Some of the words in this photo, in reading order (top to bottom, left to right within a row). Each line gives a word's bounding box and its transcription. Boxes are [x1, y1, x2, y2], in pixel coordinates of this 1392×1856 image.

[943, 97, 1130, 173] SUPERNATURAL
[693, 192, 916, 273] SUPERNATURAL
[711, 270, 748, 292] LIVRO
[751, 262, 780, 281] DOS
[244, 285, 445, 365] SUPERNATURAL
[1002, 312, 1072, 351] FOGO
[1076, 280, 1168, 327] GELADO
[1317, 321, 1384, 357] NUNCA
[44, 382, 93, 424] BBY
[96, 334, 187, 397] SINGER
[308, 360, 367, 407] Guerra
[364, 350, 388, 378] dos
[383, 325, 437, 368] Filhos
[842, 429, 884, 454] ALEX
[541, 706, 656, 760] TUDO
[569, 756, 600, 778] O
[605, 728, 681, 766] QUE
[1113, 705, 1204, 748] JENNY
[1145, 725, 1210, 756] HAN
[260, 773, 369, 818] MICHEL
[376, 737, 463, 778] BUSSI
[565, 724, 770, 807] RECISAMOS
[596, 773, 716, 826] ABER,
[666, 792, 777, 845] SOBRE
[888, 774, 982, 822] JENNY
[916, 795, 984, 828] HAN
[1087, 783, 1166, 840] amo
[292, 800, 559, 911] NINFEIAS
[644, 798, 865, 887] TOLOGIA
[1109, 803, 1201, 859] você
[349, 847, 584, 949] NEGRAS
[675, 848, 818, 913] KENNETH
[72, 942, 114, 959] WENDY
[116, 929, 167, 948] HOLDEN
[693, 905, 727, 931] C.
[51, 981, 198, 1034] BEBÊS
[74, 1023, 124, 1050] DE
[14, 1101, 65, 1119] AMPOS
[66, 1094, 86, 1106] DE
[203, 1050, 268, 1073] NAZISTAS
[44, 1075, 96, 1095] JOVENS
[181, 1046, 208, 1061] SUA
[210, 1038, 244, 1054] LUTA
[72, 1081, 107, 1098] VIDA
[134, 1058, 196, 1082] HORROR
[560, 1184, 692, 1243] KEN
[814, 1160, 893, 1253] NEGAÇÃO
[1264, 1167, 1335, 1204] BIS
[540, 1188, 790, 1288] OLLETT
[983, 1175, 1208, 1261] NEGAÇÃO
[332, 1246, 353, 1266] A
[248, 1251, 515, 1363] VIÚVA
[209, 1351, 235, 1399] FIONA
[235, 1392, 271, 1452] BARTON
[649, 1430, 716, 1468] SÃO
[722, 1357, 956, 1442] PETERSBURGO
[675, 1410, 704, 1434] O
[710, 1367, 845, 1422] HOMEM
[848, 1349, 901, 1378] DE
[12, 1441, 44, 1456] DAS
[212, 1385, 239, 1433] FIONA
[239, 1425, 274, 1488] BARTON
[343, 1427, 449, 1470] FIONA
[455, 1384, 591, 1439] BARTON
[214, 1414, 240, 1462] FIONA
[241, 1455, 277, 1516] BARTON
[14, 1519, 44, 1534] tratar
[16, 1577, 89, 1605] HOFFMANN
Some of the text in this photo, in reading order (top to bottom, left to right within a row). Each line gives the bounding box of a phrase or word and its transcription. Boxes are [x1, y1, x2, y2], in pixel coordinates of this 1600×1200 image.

□ □ □

(What this task involves): Return the material exactly as it was provided.

(Finished exercise):
Some of the words in this photo, in reading order (top to bottom, left to right within a row). Each line gives a word's bounding box and its transcription. Boxes are [x1, y1, x2, y2], in pixel coordinates of this 1392×1856 image.

[943, 97, 1130, 173] SUPERNATURAL
[693, 192, 916, 273] SUPERNATURAL
[711, 270, 748, 292] LIVRO
[751, 262, 780, 281] DOS
[244, 285, 445, 365] SUPERNATURAL
[1002, 312, 1072, 351] FOGO
[1076, 280, 1168, 327] GELADO
[1317, 321, 1384, 357] NUNCA
[44, 382, 93, 424] BBY
[96, 334, 187, 397] SINGER
[308, 360, 367, 407] Guerra
[364, 350, 388, 378] dos
[383, 325, 437, 368] Filhos
[842, 429, 884, 454] ALEX
[541, 706, 656, 760] TUDO
[569, 756, 600, 778] O
[605, 728, 681, 766] QUE
[1113, 705, 1204, 748] JENNY
[1145, 725, 1210, 756] HAN
[260, 773, 369, 818] MICHEL
[376, 737, 463, 778] BUSSI
[565, 724, 770, 807] RECISAMOS
[596, 773, 716, 826] ABER,
[666, 792, 777, 845] SOBRE
[888, 774, 982, 822] JENNY
[916, 795, 984, 828] HAN
[1087, 783, 1166, 840] amo
[292, 800, 559, 911] NINFEIAS
[644, 798, 865, 887] TOLOGIA
[1109, 803, 1201, 859] você
[349, 847, 584, 949] NEGRAS
[675, 848, 818, 913] KENNETH
[72, 942, 114, 959] WENDY
[116, 929, 167, 948] HOLDEN
[693, 905, 727, 931] C.
[51, 981, 198, 1034] BEBÊS
[74, 1023, 124, 1050] DE
[14, 1101, 65, 1119] AMPOS
[66, 1094, 86, 1106] DE
[203, 1050, 268, 1073] NAZISTAS
[44, 1075, 96, 1095] JOVENS
[181, 1046, 208, 1061] SUA
[210, 1038, 244, 1054] LUTA
[72, 1081, 107, 1098] VIDA
[134, 1058, 196, 1082] HORROR
[560, 1184, 692, 1243] KEN
[814, 1160, 893, 1253] NEGAÇÃO
[1264, 1167, 1335, 1204] BIS
[540, 1188, 790, 1288] OLLETT
[983, 1175, 1208, 1261] NEGAÇÃO
[332, 1246, 353, 1266] A
[248, 1251, 515, 1363] VIÚVA
[209, 1351, 235, 1399] FIONA
[235, 1392, 271, 1452] BARTON
[649, 1430, 716, 1468] SÃO
[722, 1357, 956, 1442] PETERSBURGO
[675, 1410, 704, 1434] O
[710, 1367, 845, 1422] HOMEM
[848, 1349, 901, 1378] DE
[12, 1441, 44, 1456] DAS
[212, 1385, 239, 1433] FIONA
[239, 1425, 274, 1488] BARTON
[343, 1427, 449, 1470] FIONA
[455, 1384, 591, 1439] BARTON
[214, 1414, 240, 1462] FIONA
[241, 1455, 277, 1516] BARTON
[14, 1519, 44, 1534] tratar
[16, 1577, 89, 1605] HOFFMANN
Some of the text in this photo, in reading order (top to bottom, left to right within a row). Each line gives the bounding box of a phrase or word and its transcription. Boxes are [x1, y1, x2, y2], in pixel coordinates of this 1600×1200 image.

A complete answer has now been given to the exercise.